▶ **EXTRACTED INFORMATION**
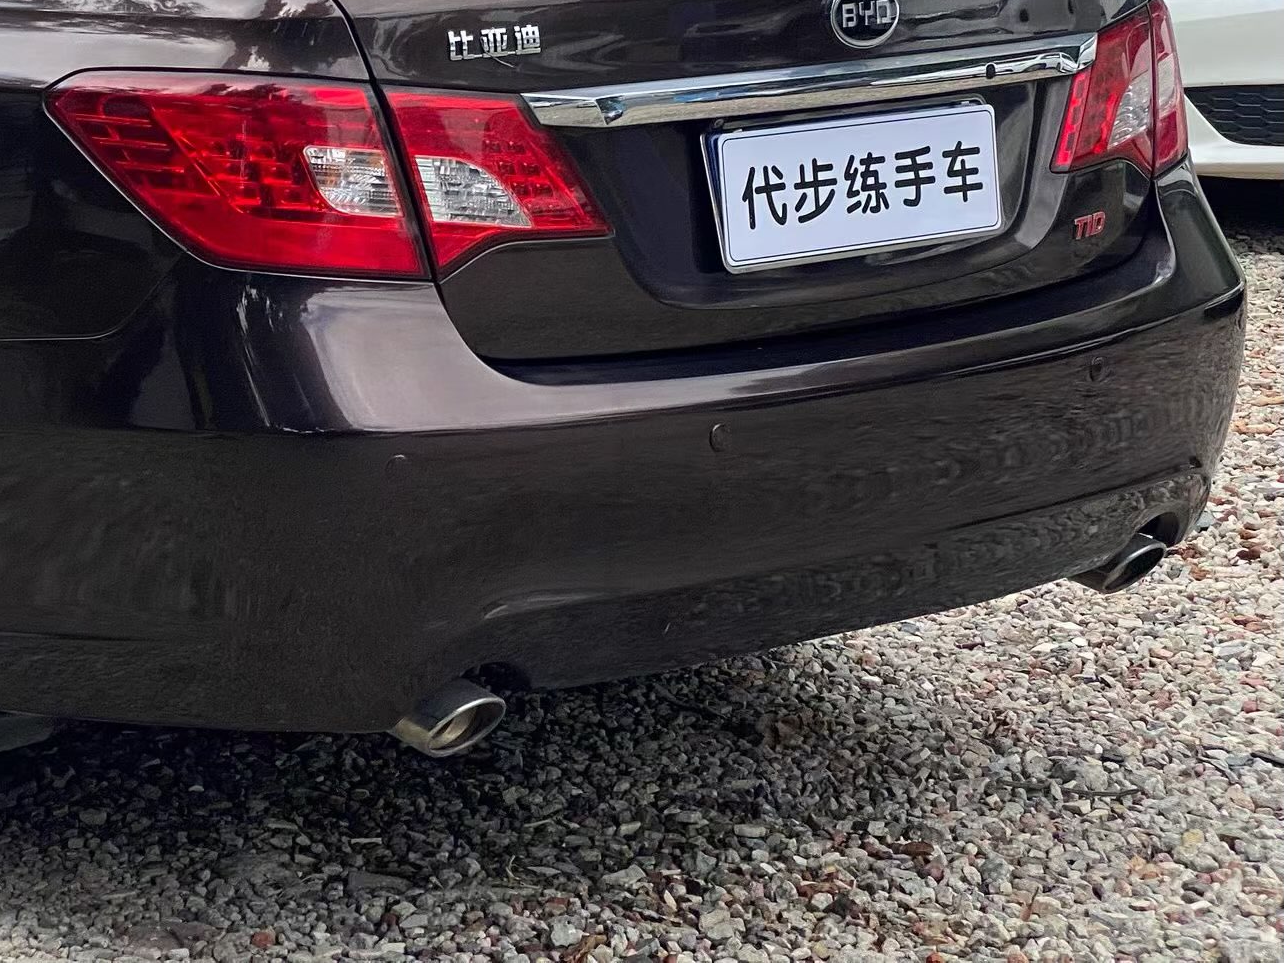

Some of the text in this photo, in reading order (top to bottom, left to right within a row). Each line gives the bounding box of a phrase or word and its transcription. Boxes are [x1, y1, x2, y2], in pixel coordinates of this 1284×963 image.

[842, 0, 892, 28] BYD
[448, 24, 541, 61] 比亚迪
[742, 140, 984, 230] 代步练手车
[1074, 211, 1106, 240] TID
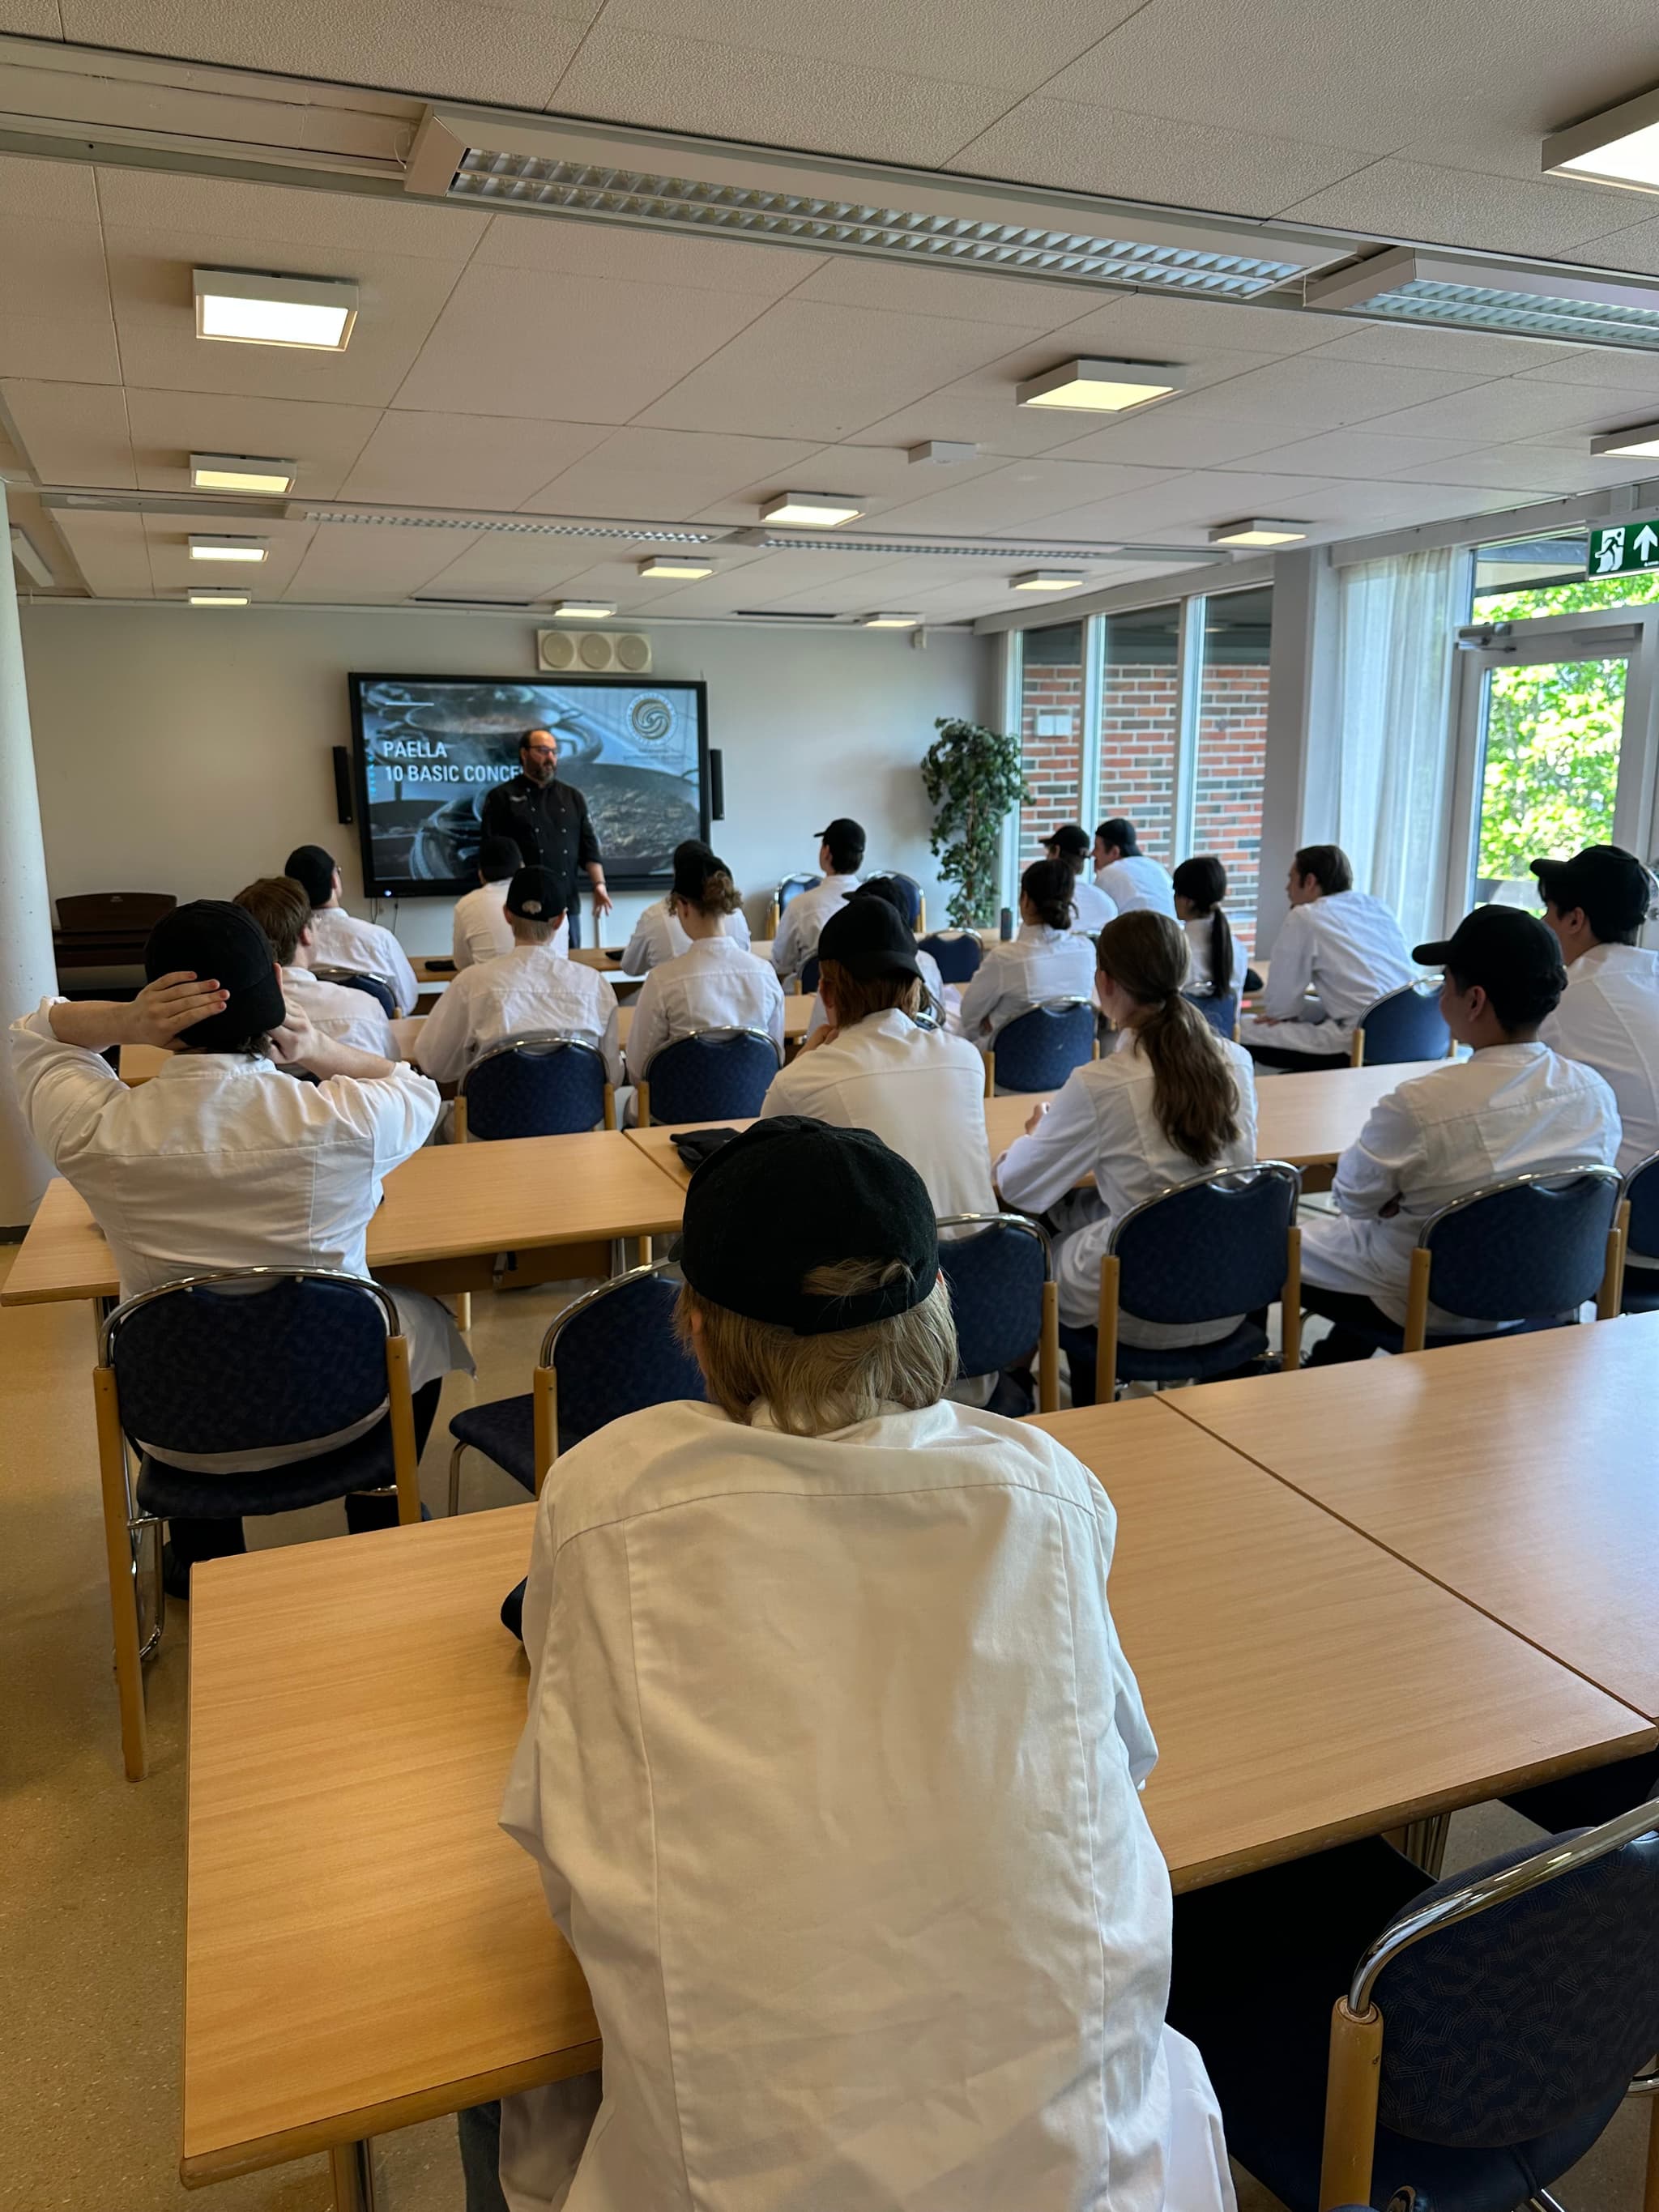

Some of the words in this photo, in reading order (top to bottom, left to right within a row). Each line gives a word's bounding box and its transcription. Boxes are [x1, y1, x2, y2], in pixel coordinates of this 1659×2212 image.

[383, 740, 448, 759] PAELLA
[385, 765, 403, 782] 10
[407, 765, 459, 782] BASIC

▶ **YOUR INSTRUCTIONS**
Pictures aside, repeat every entry exactly as written.

▶ **OUTPUT FOR THIS TASK**
Some of the text in this photo, in reading order (top to bottom, left to right within a row). Each line gives the bounding box of a phrase or word and its transcription. Boxes are [x1, y1, x2, y2], in pixel coordinates of this 1284×963 image.

[842, 0, 892, 28] BYD
[448, 24, 541, 61] 比亚迪
[742, 140, 984, 230] 代步练手车
[1074, 211, 1106, 240] TID

Some of the words in this photo, in reading order (top to bottom, left to right within a row). Each line gives a word's bounding box and its transcription. Boxes are [x1, y1, x2, y2], in pixel coordinates of this 1659×2212 image.

[383, 740, 448, 759] PAELLA
[385, 765, 403, 782] 10
[407, 765, 459, 782] BASIC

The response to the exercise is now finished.